Ozone (O3) is toxic gas and can have a deleterious effect on human health. It is also a powerful oxidising gas, a potent germicide, and is invisible to the human eye at normal concentrations. However, its presence can often be detected due to its sharp pungent odour, often described as that of new mown hay or electrical discharges.
Normal air contains ozone levels of between 0.015 and 0.035 ppm, although during spells of hot weather and in cities with high pollution levels, concentrations of 0.1ppm, or above, have been recorded.
Contrary to some suggestions, ozone is not found at the seaside in any greater quantities than inland. The sea air smell is not that of ozone but of rotting sea life and vegetation.
Ozone is produced by splitting an oxygen molecule into two oxygen atoms, after which each of these free oxygen atoms combine with another oxygen molecule to form ozone
Ozone Production in Welding and Cutting
Due to the high temperature produced by the welding arc plasma, the light generated is very intense and includes radiation in the 130-400nm ultra-violet range. Radiation within the wavelength range 130-170nm is extremely effective at splitting the oxygen molecules in the air to produce free "excited" oxygen atoms that readily combine with other oxygen molecules to form ozone.
As this wavelength spectrum is very effective at producing ozone, it is completely absorbed by the air within a few centimetres of leaving the arc, and results in very high ozone levels, up to 1000ppm in the air layer close to, and surrounding the arc.
Annihilation of Ozone
At concentrations of several ppm, and at room temperature, the half-life of ozone due to decomposition is of the order of 1 day. Only at temperatures above 500oC does the thermal decomposition reaction become important. Thus, in the very hot region adjacent to the welding arc this decomposition reaction can be very important, and the net quantity of ozone emitting from the arc can be greatly affected.
Decomposition can also be accelerated by contact with surfaces and catalysts.
Experiments have shown that the ozone concentration measured during the first minute of welding immediately reaches a peak, which decays after a few seconds, and then remains constant at a background level of between 40% and 60% of the peak value.

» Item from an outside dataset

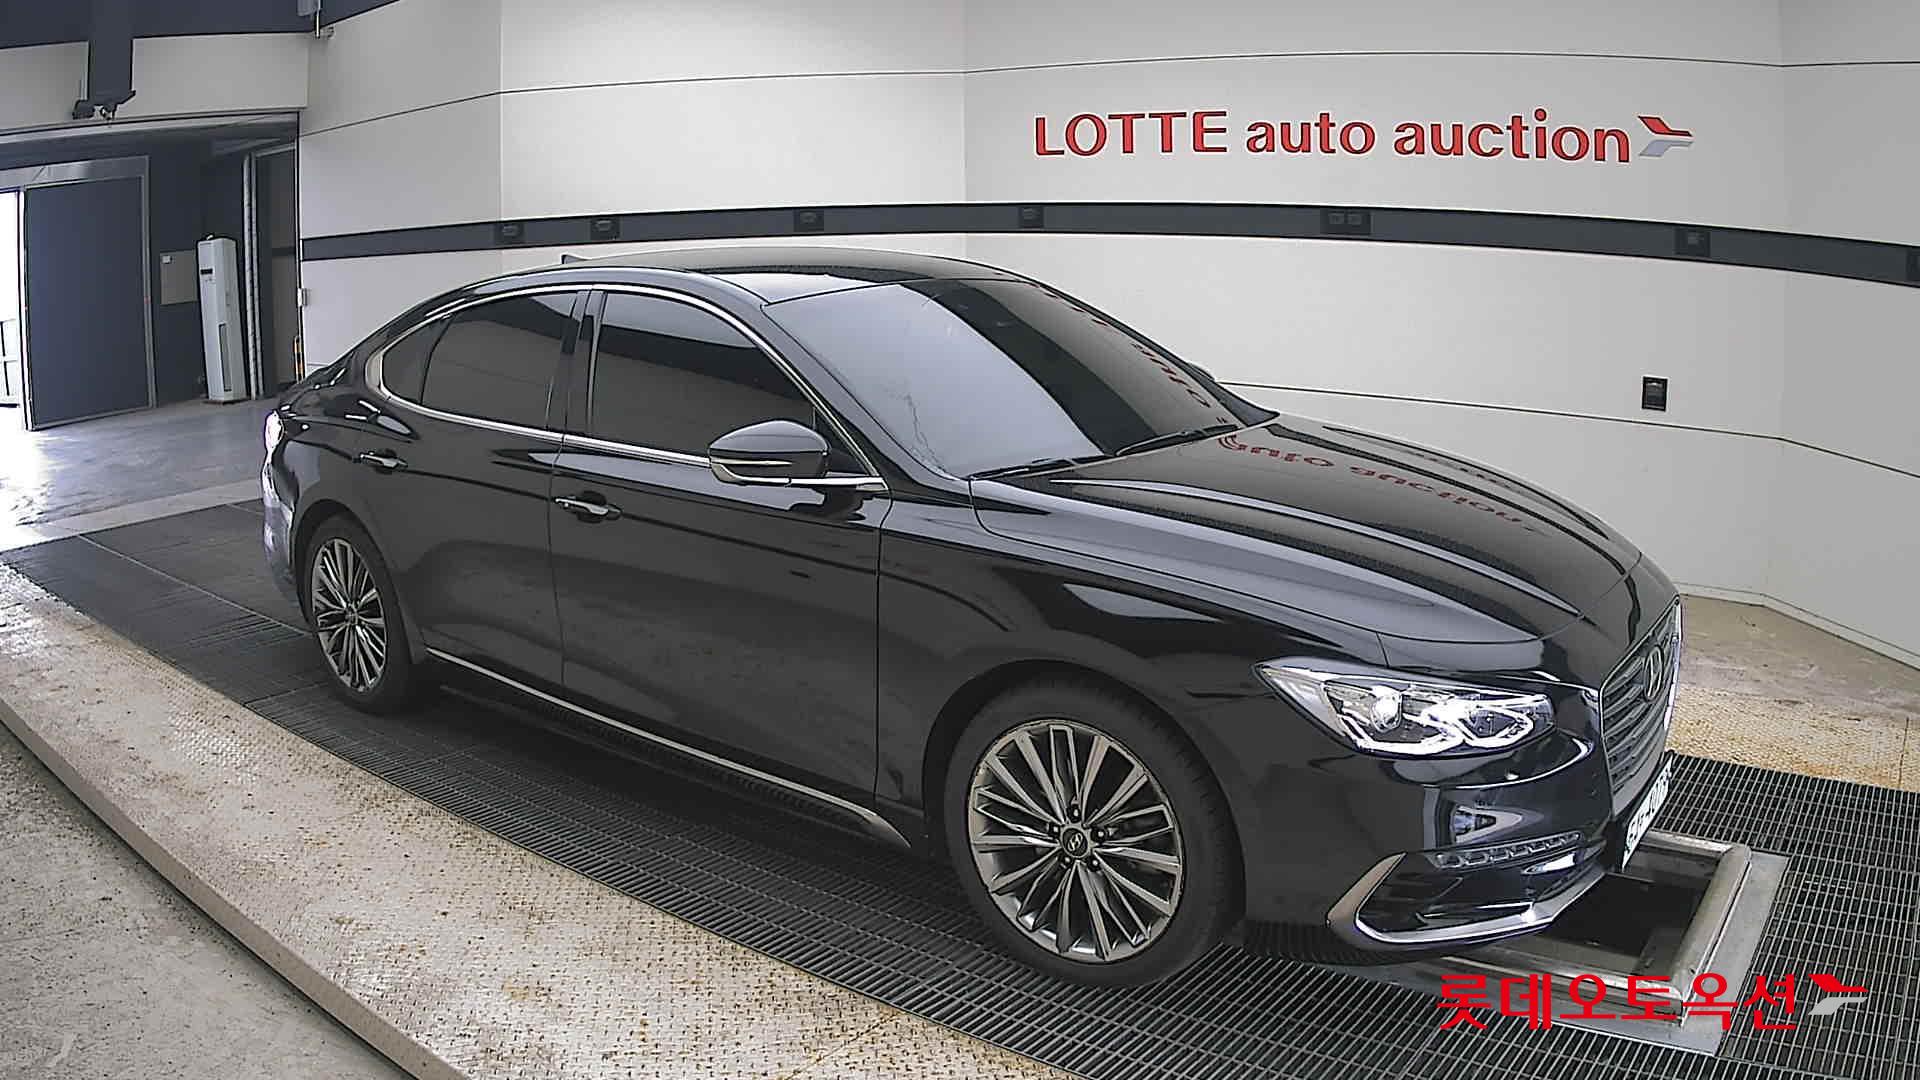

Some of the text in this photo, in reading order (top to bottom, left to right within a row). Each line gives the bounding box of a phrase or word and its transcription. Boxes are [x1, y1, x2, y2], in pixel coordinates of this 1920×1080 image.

Effects of Exposure to Ozone
Ozone is a highly toxic, chemically active gas that is definitely hazardous to human life. Due to its highly oxidising nature, ozone reacts with virtually anything, including the tissue inside the respiratory passages and lungs, producing cell damage and leakage through the cell membranes.
It should be noted that cell damage due to ozone inhalation is permanent and irreversible.
Exposure Limits
Health and Safety regulations in each country set maximum permissible concentrations of ozone to control exposure of people at work. In America these are called Threshold Limit Values (TLV), while in Europe they are known as Occupational Exposure Limits (OEL). These limits are Time Weighted Averages (TWA) and so take into account the amount of time for which people are exposed.
Measurement of Ozone in the Workplace
In order to assess the potential risk, it is necessary to determine whether ozone is present during and after the welding operation, and in what concentration.
Measurement of ozone in breathing zones, and elsewhere, on the shop floor, is normally carried out by means of chemical reaction tubes, detector tubes, that give a single instantaneous reading.
Ozone meters require accurate calibration and also need a suitable filtration system to remove particulate fume.
Once the ozone concentration has been measured, it is compared with the current limit and control measures, if appropriate, put in place. Only suitably qualified and experienced personnel should carry out such measurement, assessment and interpretation.
Control of Exposure to Ozone
Due to the fact that ozone can be formed some distance from the arc as well as close to it, control of exposure and removal of ozone from the workplace can be difficult.
Use of local fume extraction equipment will take some ozone away with the particulate fume but is unlikely to completely solve the problem.
Because of the difficulties with extraction, control of exposure to ozone from welding is often achieved by use of personal respiratory protection for welders, and any other workers at risk, in conjunction with local fume extraction to remove other fume hazards from the area.